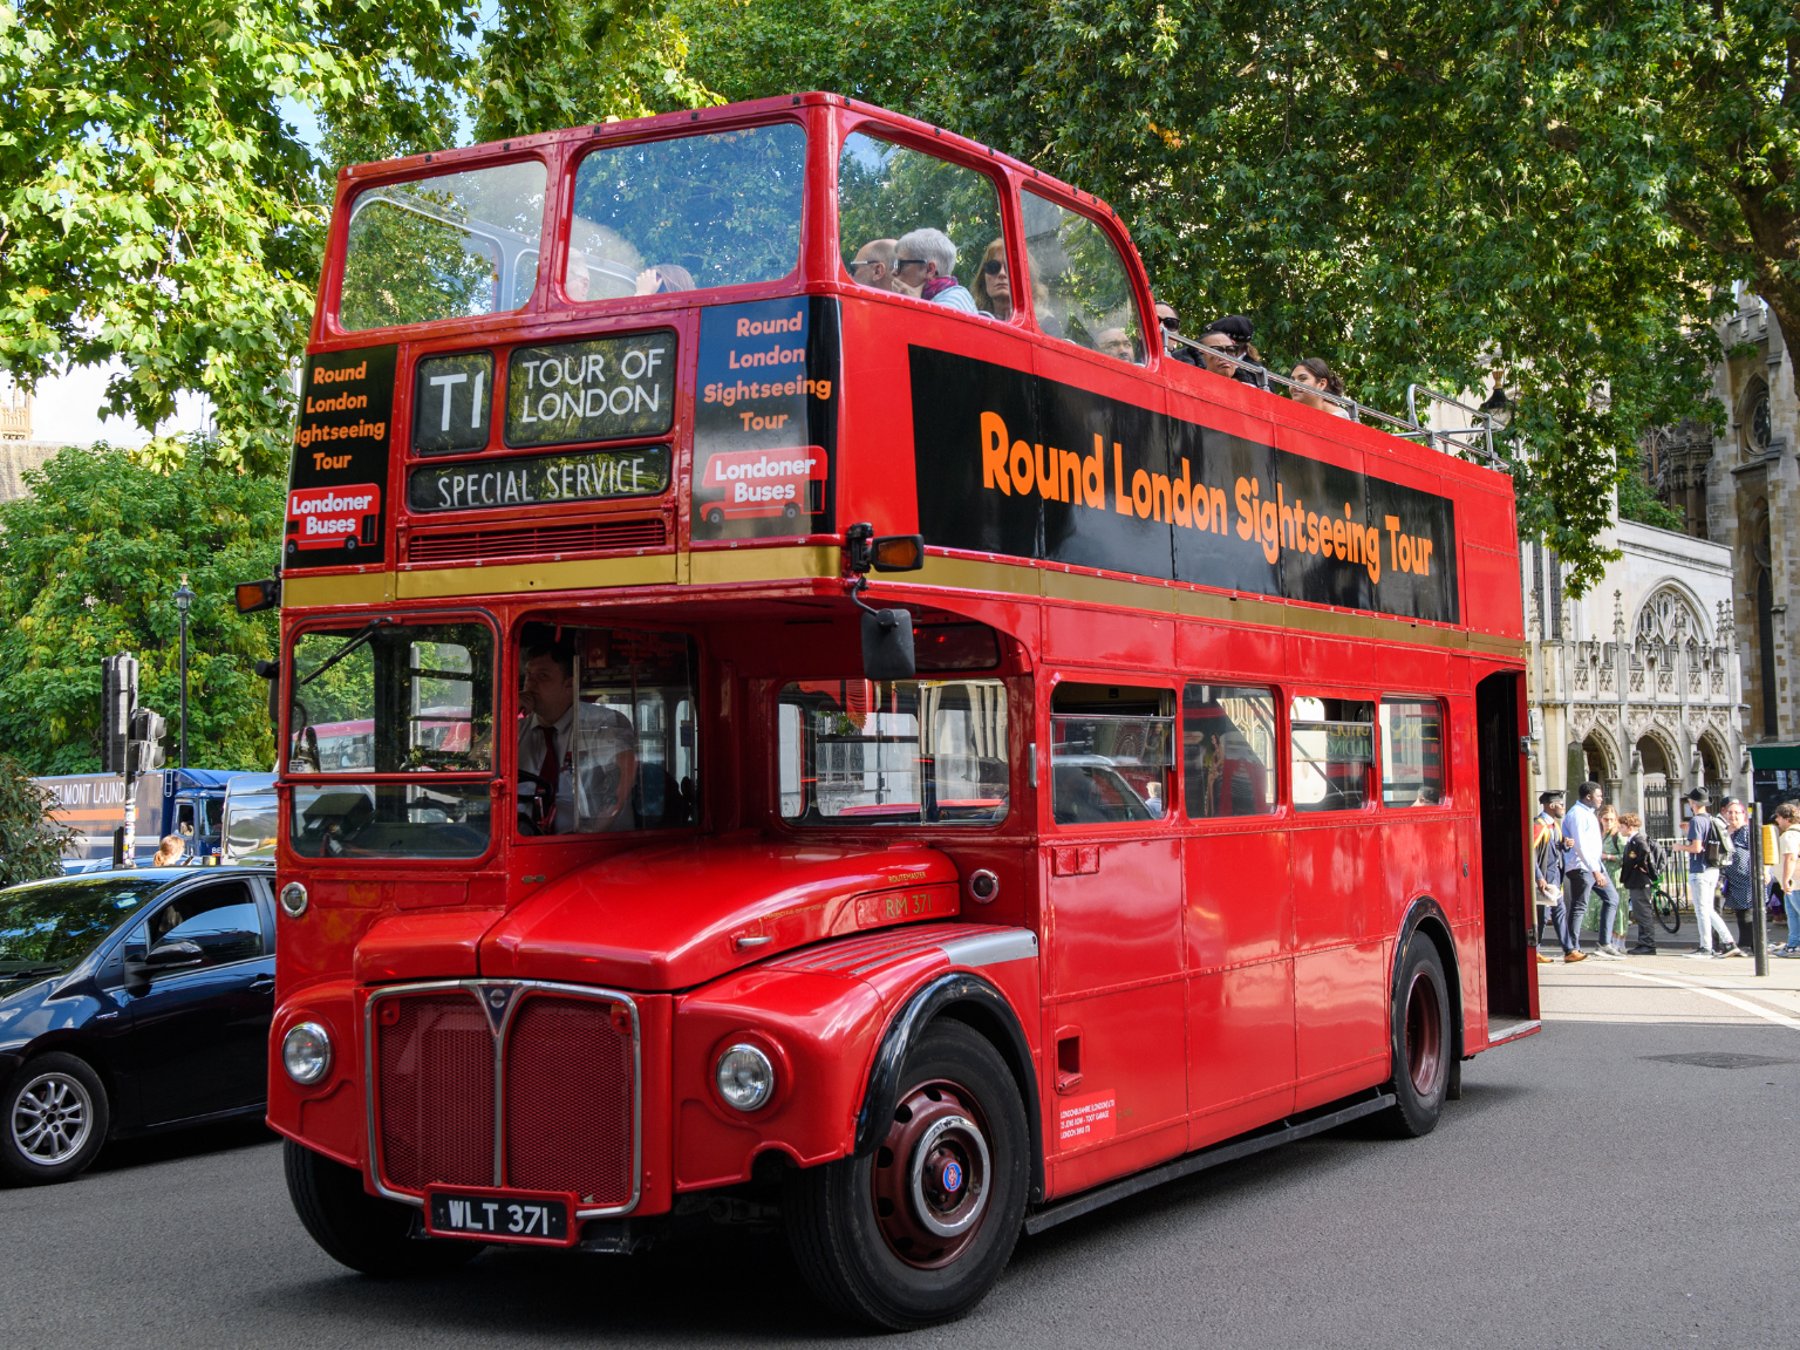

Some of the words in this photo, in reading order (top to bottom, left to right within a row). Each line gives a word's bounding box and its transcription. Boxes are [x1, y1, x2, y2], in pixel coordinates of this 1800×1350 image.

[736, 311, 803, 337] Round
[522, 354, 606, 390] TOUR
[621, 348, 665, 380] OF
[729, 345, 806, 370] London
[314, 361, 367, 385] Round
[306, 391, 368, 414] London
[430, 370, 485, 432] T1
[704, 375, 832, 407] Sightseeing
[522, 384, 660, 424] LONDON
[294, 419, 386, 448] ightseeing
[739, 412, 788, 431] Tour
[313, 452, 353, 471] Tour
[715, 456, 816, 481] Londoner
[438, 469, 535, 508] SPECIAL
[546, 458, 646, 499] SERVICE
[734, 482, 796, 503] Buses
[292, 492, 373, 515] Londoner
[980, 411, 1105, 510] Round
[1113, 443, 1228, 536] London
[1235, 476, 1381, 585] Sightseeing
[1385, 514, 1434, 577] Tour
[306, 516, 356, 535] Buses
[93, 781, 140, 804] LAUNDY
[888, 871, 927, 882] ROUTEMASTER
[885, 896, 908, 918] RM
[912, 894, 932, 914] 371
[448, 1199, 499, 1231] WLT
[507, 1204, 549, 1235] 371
++++
_Work instructions_
Give back the records above exactly, with no pictures.

_Output below_
Some of the words in this photo, in reading order (top to bottom, left to right within a row). Each line gives a word's bounding box and its transcription. Boxes are [x1, y1, x2, y2], in pixel coordinates of this 1800×1350 image.

[736, 311, 803, 337] Round
[522, 354, 606, 390] TOUR
[621, 348, 665, 380] OF
[729, 345, 806, 370] London
[314, 361, 367, 385] Round
[306, 391, 368, 414] London
[430, 370, 485, 432] T1
[704, 375, 832, 407] Sightseeing
[522, 384, 660, 424] LONDON
[294, 419, 386, 448] ightseeing
[739, 412, 788, 431] Tour
[313, 452, 353, 471] Tour
[715, 456, 816, 481] Londoner
[438, 469, 535, 508] SPECIAL
[546, 458, 646, 499] SERVICE
[734, 482, 796, 503] Buses
[292, 492, 373, 515] Londoner
[980, 411, 1105, 510] Round
[1113, 443, 1228, 536] London
[1235, 476, 1381, 585] Sightseeing
[1385, 514, 1434, 577] Tour
[306, 516, 356, 535] Buses
[93, 781, 140, 804] LAUNDY
[888, 871, 927, 882] ROUTEMASTER
[885, 896, 908, 918] RM
[912, 894, 932, 914] 371
[448, 1199, 499, 1231] WLT
[507, 1204, 549, 1235] 371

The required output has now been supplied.